# [Data for this exercise]
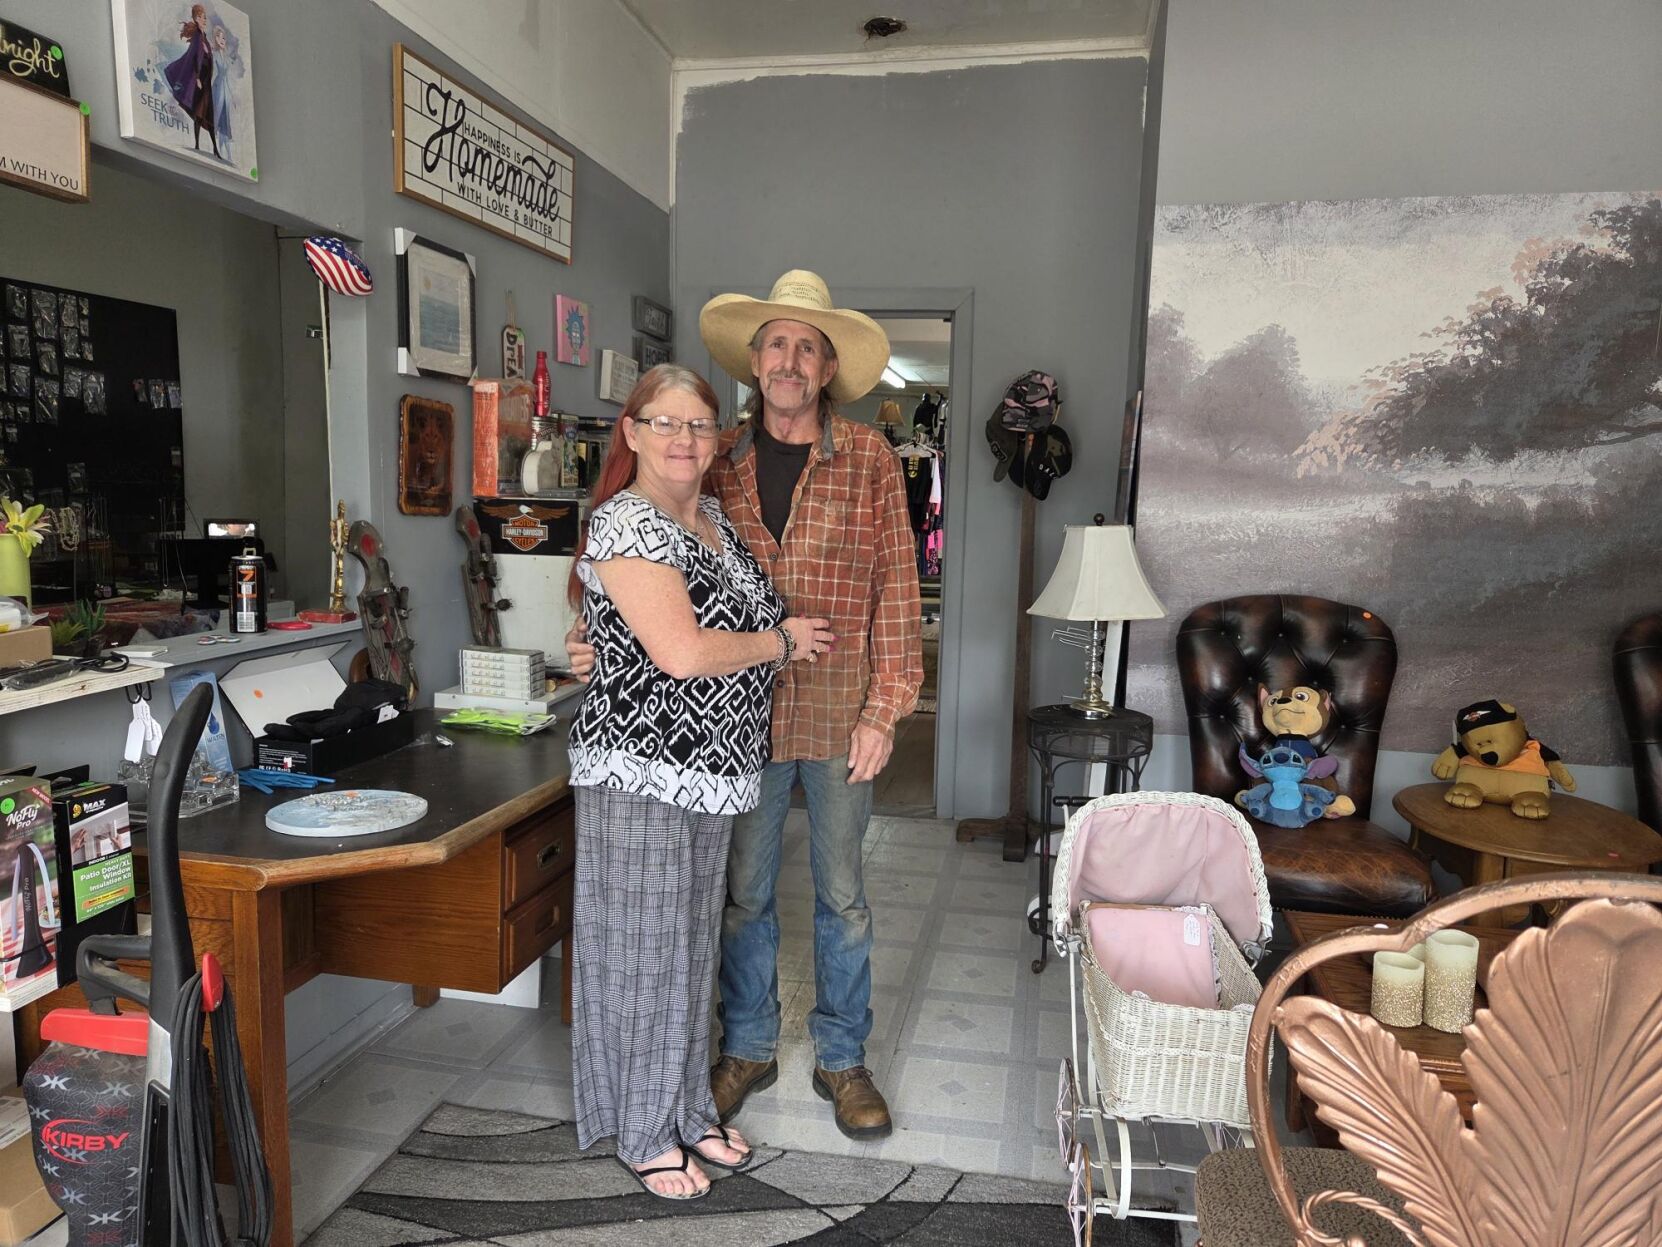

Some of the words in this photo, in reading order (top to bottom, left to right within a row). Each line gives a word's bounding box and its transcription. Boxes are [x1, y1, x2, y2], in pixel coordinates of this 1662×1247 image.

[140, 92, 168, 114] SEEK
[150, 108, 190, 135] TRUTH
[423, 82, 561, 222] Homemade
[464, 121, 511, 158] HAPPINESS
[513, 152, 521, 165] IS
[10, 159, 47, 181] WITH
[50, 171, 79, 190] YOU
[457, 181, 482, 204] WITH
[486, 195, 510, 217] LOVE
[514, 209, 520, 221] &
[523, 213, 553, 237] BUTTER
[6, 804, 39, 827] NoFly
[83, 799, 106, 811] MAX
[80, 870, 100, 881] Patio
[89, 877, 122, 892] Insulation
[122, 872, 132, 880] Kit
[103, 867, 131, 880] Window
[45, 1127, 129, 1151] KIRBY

# [Required work]
Please copy the records above word for word, leaving out every picture.

# [Answer for the task]
Some of the words in this photo, in reading order (top to bottom, left to right within a row). Each line gives a word's bounding box and its transcription. Boxes are [x1, y1, x2, y2], in pixel coordinates of this 1662×1247 image.

[140, 92, 168, 114] SEEK
[150, 108, 190, 135] TRUTH
[423, 82, 561, 222] Homemade
[464, 121, 511, 158] HAPPINESS
[513, 152, 521, 165] IS
[10, 159, 47, 181] WITH
[50, 171, 79, 190] YOU
[457, 181, 482, 204] WITH
[486, 195, 510, 217] LOVE
[514, 209, 520, 221] &
[523, 213, 553, 237] BUTTER
[6, 804, 39, 827] NoFly
[83, 799, 106, 811] MAX
[80, 870, 100, 881] Patio
[89, 877, 122, 892] Insulation
[122, 872, 132, 880] Kit
[103, 867, 131, 880] Window
[45, 1127, 129, 1151] KIRBY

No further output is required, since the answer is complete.